> **Problem details**
Down to the last line below, repeat the entries word for word and drop the pictures.

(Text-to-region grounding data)
• • • • • • •

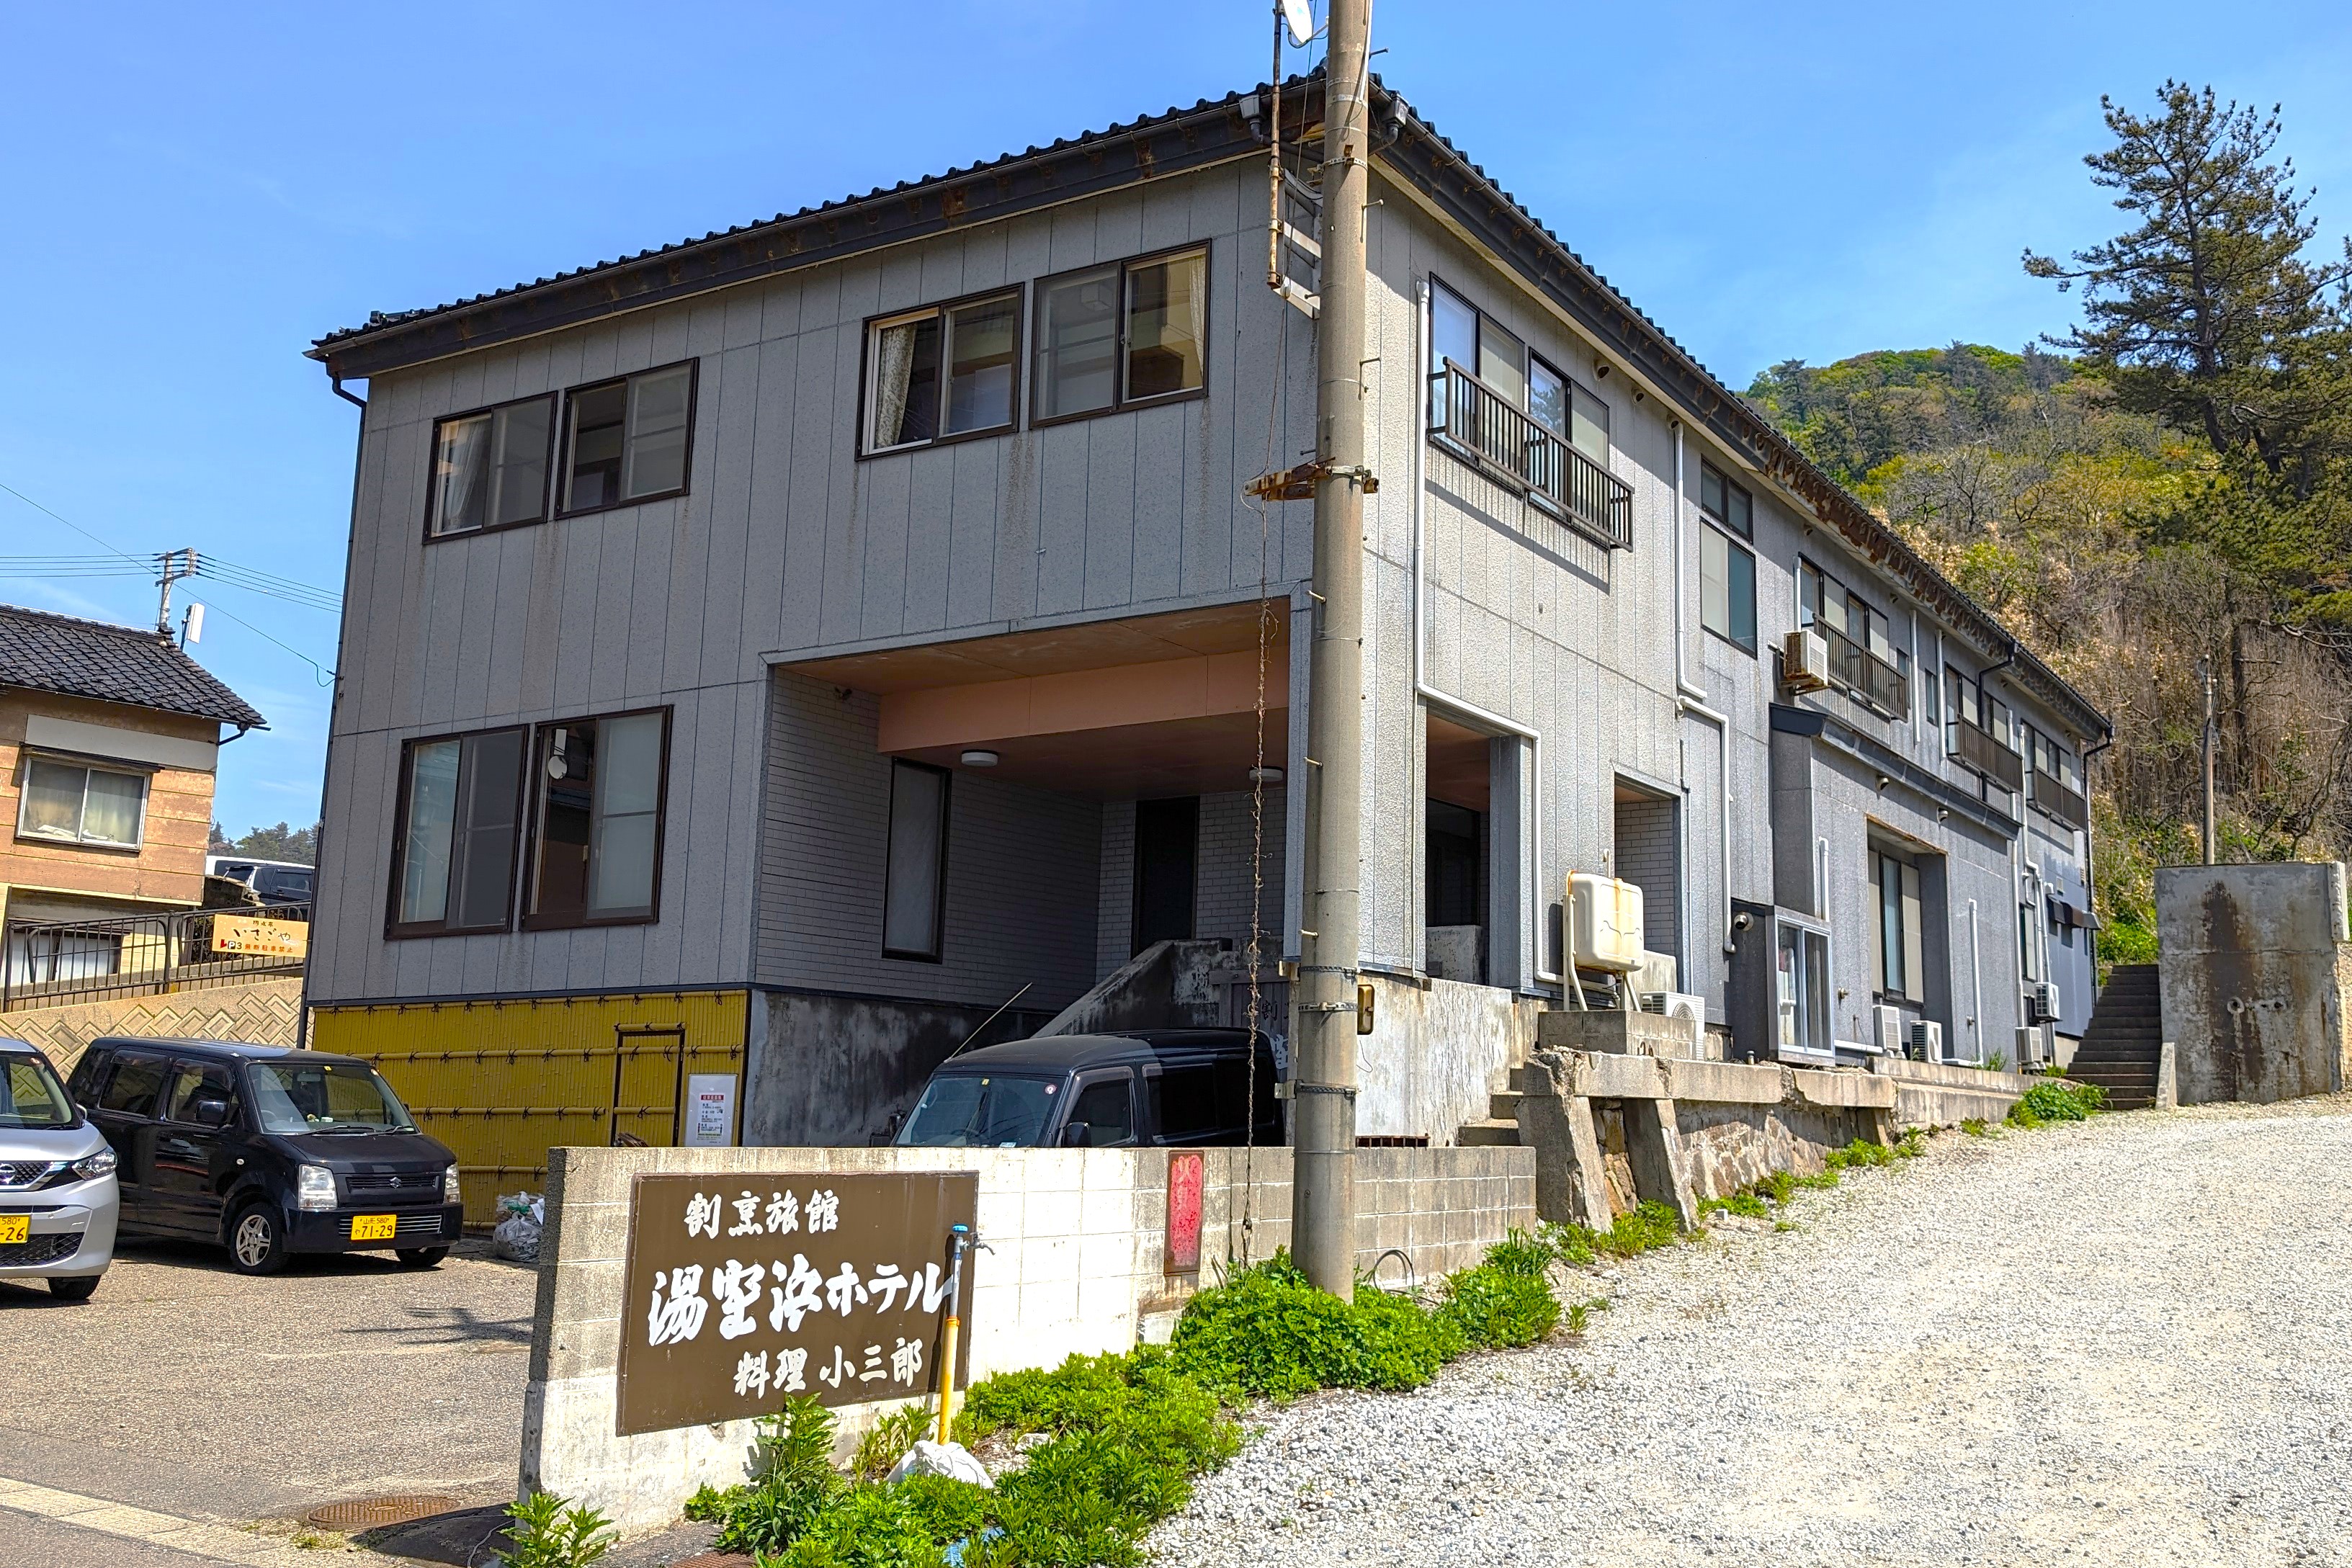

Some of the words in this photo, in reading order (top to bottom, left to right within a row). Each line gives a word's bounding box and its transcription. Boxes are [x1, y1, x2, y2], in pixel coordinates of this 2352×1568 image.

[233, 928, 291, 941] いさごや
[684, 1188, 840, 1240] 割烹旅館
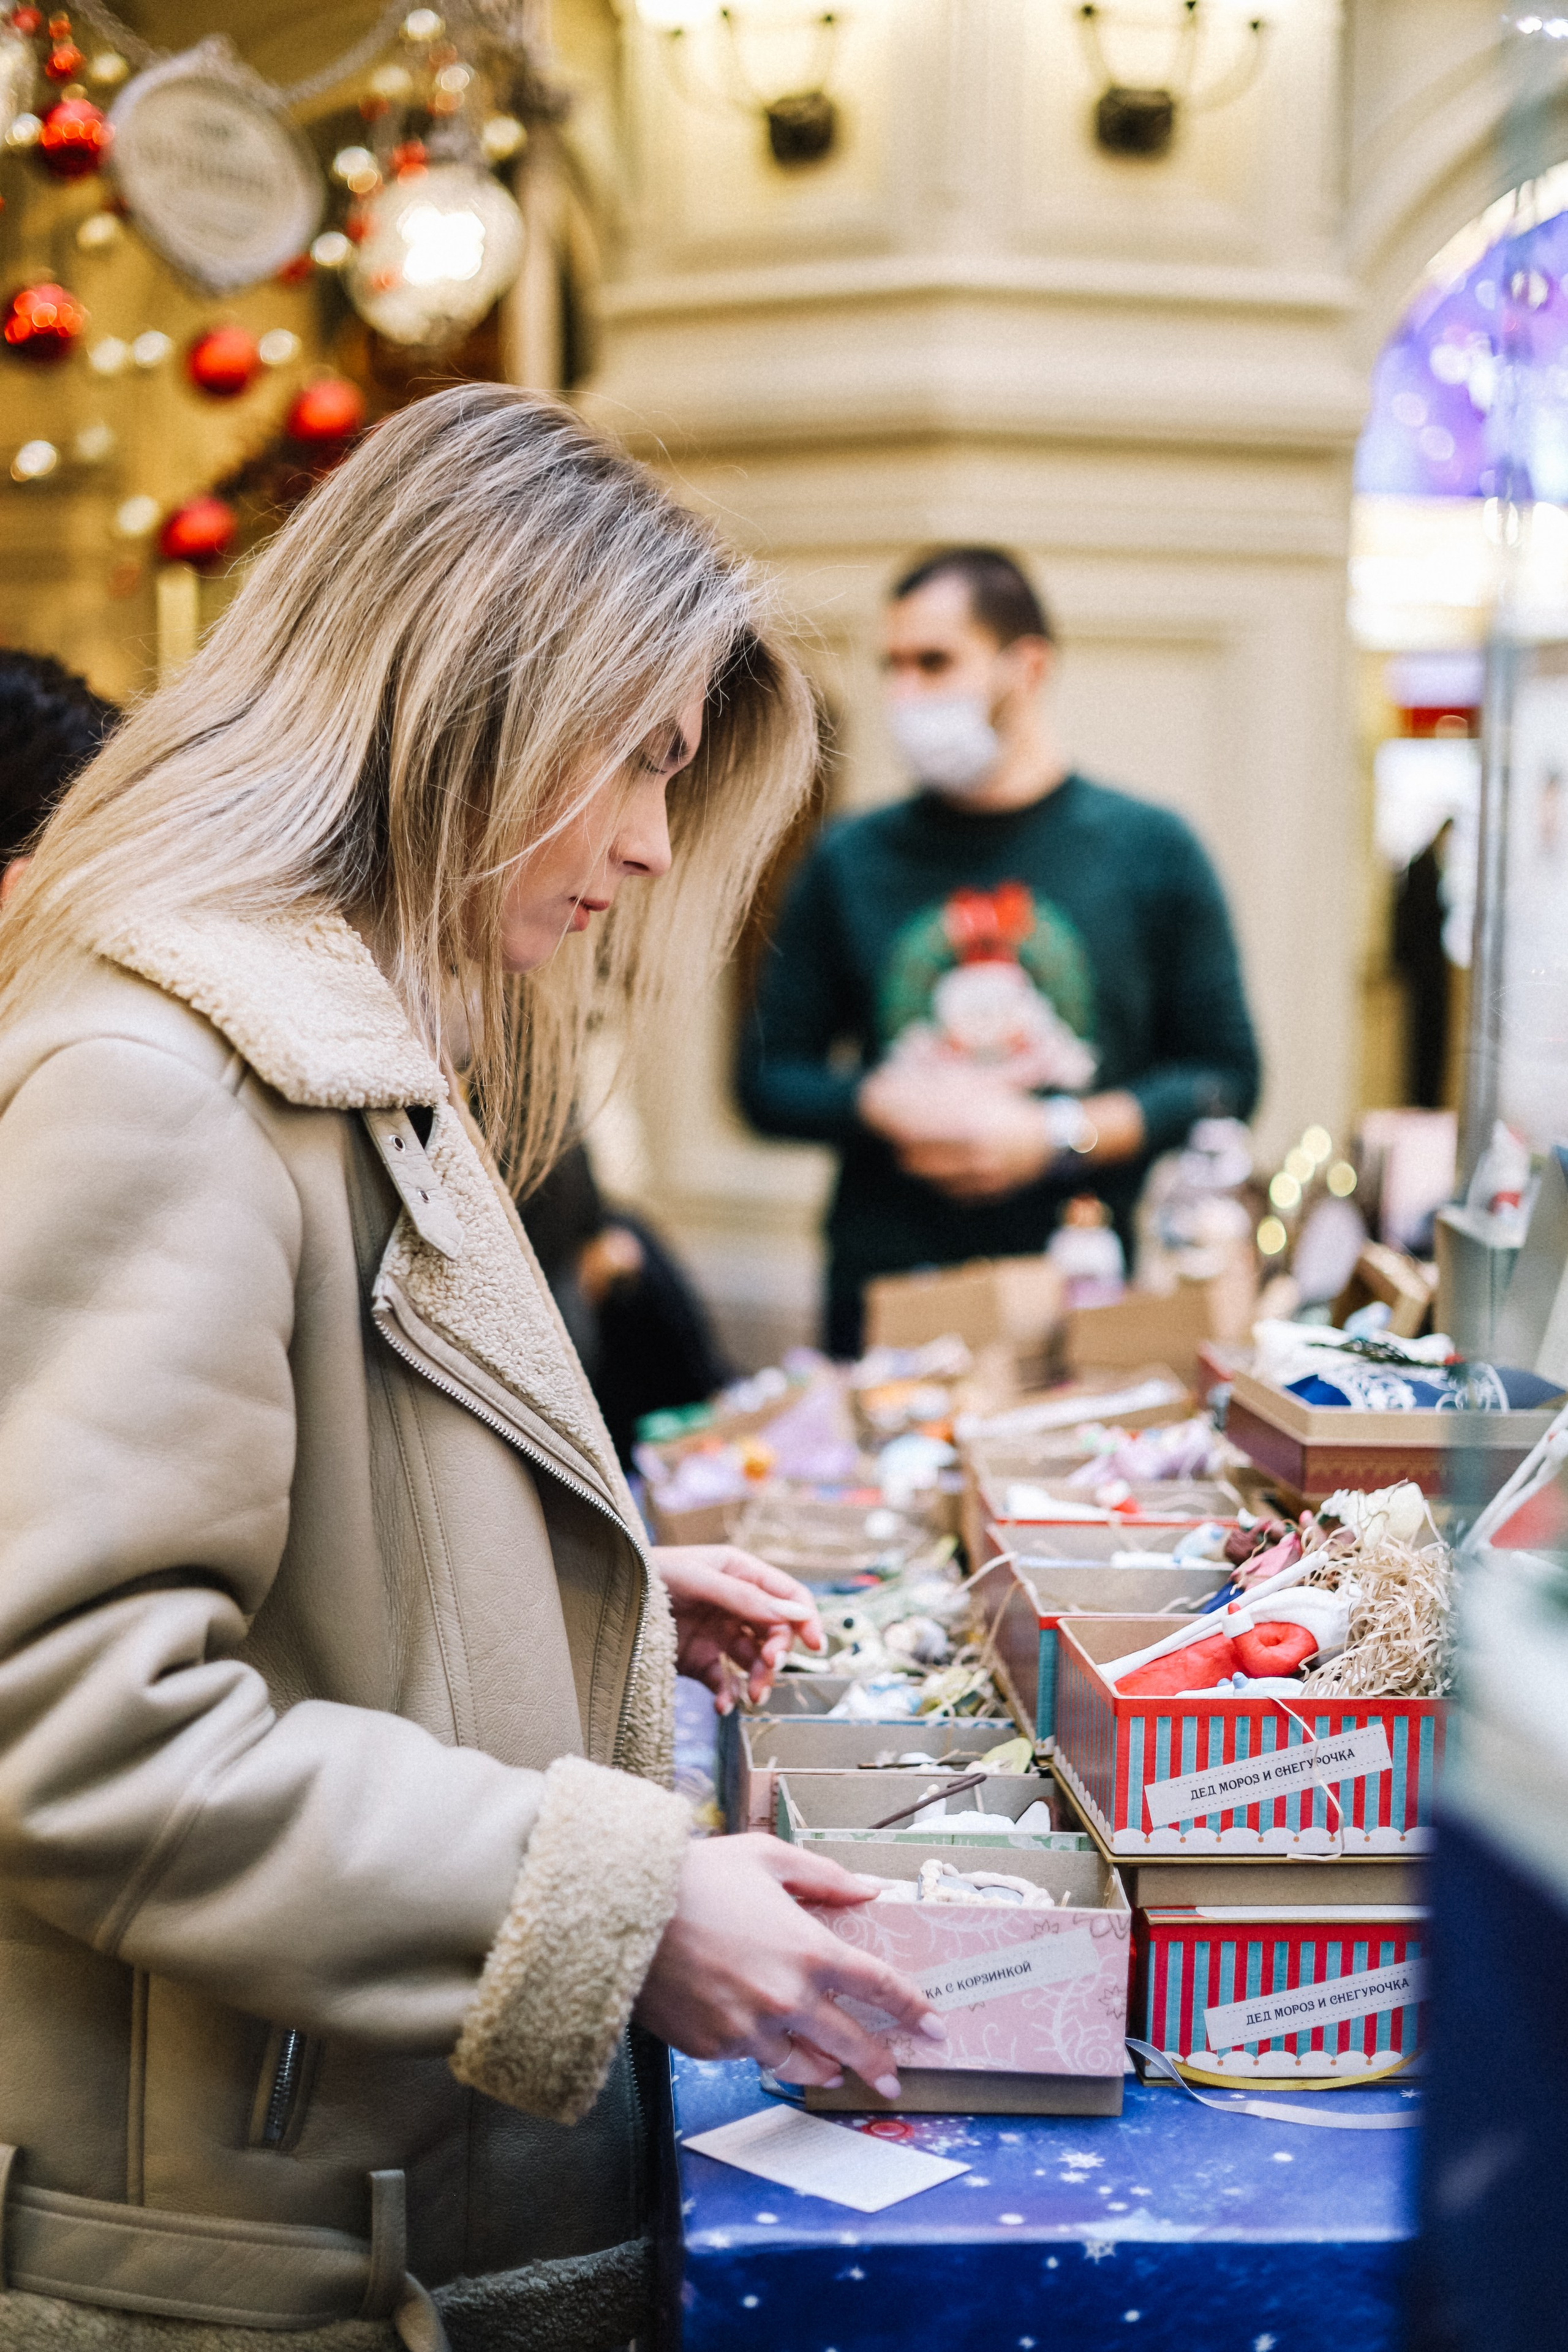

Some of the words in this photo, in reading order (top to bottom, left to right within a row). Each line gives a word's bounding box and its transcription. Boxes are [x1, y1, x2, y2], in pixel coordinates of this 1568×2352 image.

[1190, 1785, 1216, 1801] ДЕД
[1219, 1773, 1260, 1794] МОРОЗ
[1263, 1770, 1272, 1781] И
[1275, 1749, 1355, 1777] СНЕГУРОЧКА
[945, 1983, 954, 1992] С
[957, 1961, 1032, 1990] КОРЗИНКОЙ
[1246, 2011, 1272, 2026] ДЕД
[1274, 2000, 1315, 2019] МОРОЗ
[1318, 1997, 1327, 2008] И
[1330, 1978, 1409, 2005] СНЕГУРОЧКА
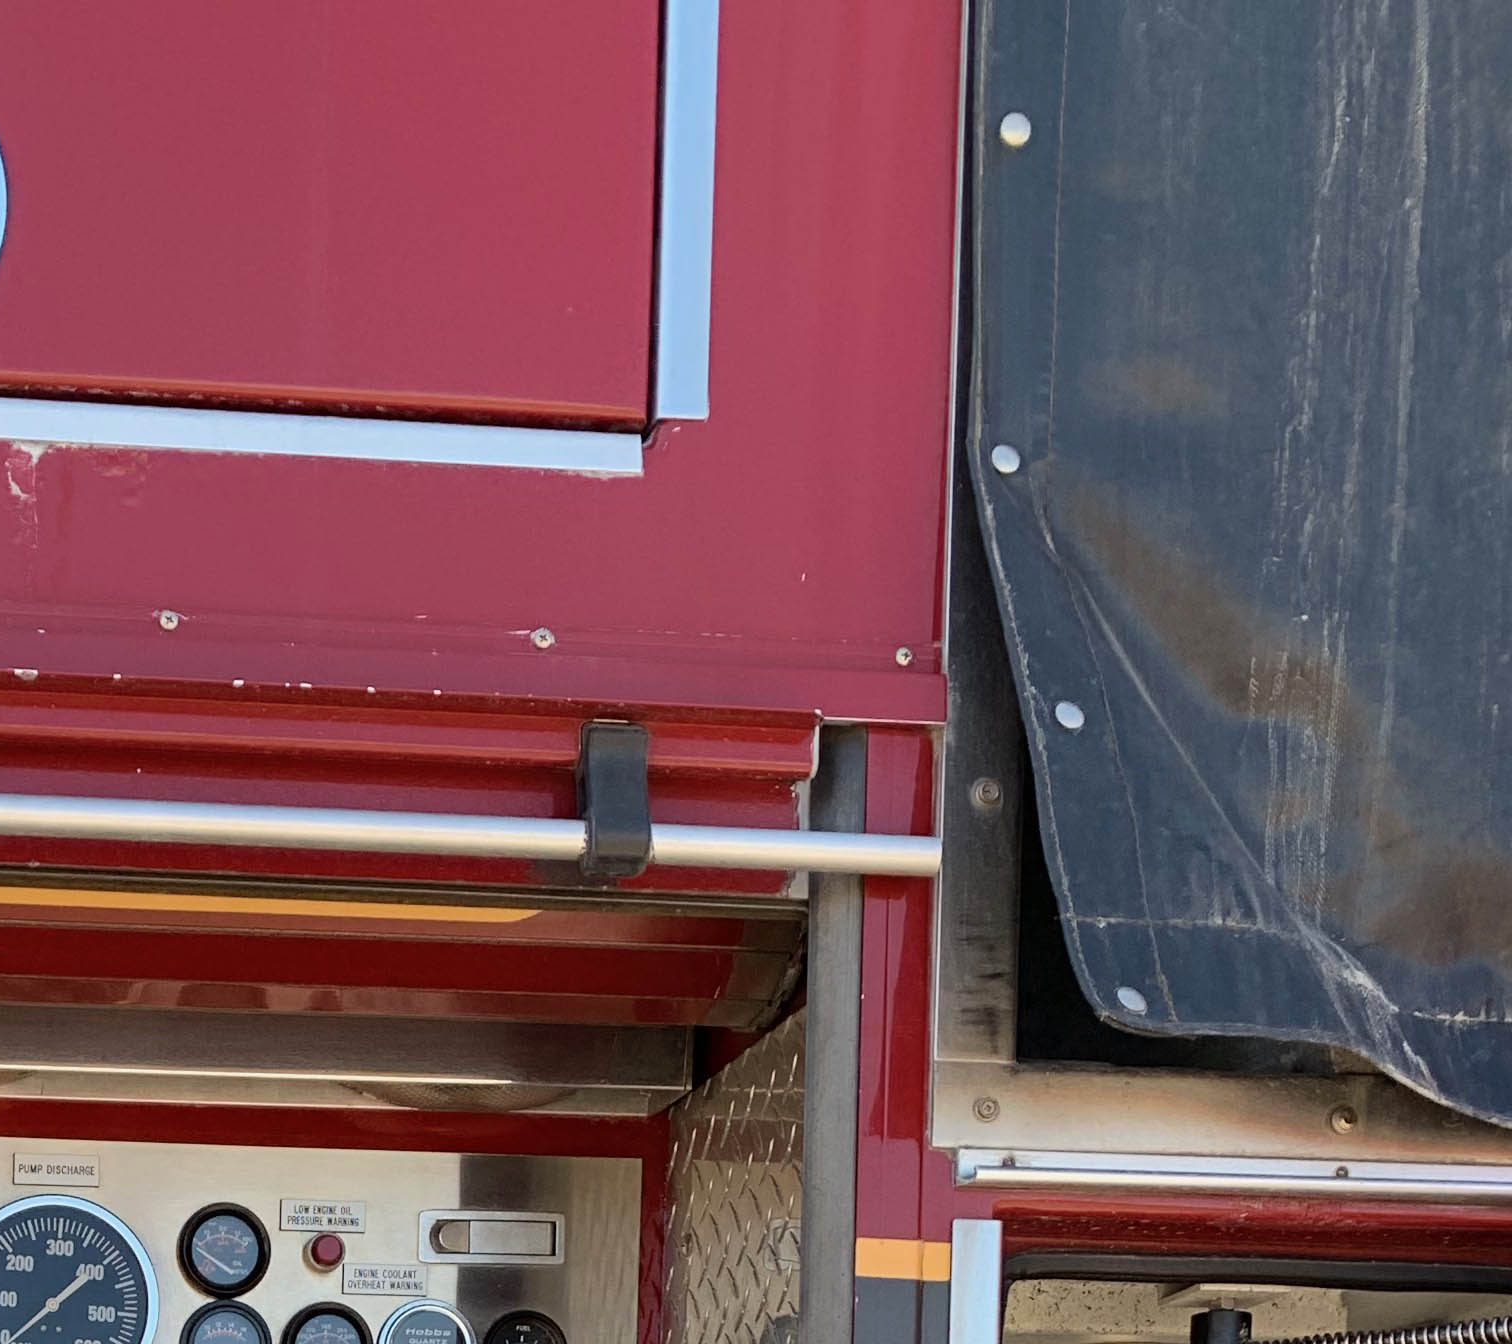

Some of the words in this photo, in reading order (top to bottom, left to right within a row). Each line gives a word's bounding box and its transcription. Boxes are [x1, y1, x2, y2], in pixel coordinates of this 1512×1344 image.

• • • • • • •

> **Problem solution**
Some of the words in this photo, in reading order (top to bottom, left to right within a row). Each line gives a word's bounding box and its transcription. Boxes are [x1, y1, x2, y2], in pixel coordinates of this 2352×1568 image.

[233, 928, 291, 941] いさごや
[684, 1188, 840, 1240] 割烹旅館

Some of the words in this photo, in reading order (top to bottom, left to right within a row). Each line gives a word's bounding box and its transcription. Boxes are [x1, y1, x2, y2], in pixel coordinates of this 1568×2352 image.

[1190, 1785, 1216, 1801] ДЕД
[1219, 1773, 1260, 1794] МОРОЗ
[1263, 1770, 1272, 1781] И
[1275, 1749, 1355, 1777] СНЕГУРОЧКА
[945, 1983, 954, 1992] С
[957, 1961, 1032, 1990] КОРЗИНКОЙ
[1246, 2011, 1272, 2026] ДЕД
[1274, 2000, 1315, 2019] МОРОЗ
[1318, 1997, 1327, 2008] И
[1330, 1978, 1409, 2005] СНЕГУРОЧКА

Some of the words in this photo, in reading order (top to bottom, left to right within a row). Each line gives a word's bounding box and its transcription. Boxes are [x1, y1, x2, y2], in pixel coordinates of this 1512×1344 image.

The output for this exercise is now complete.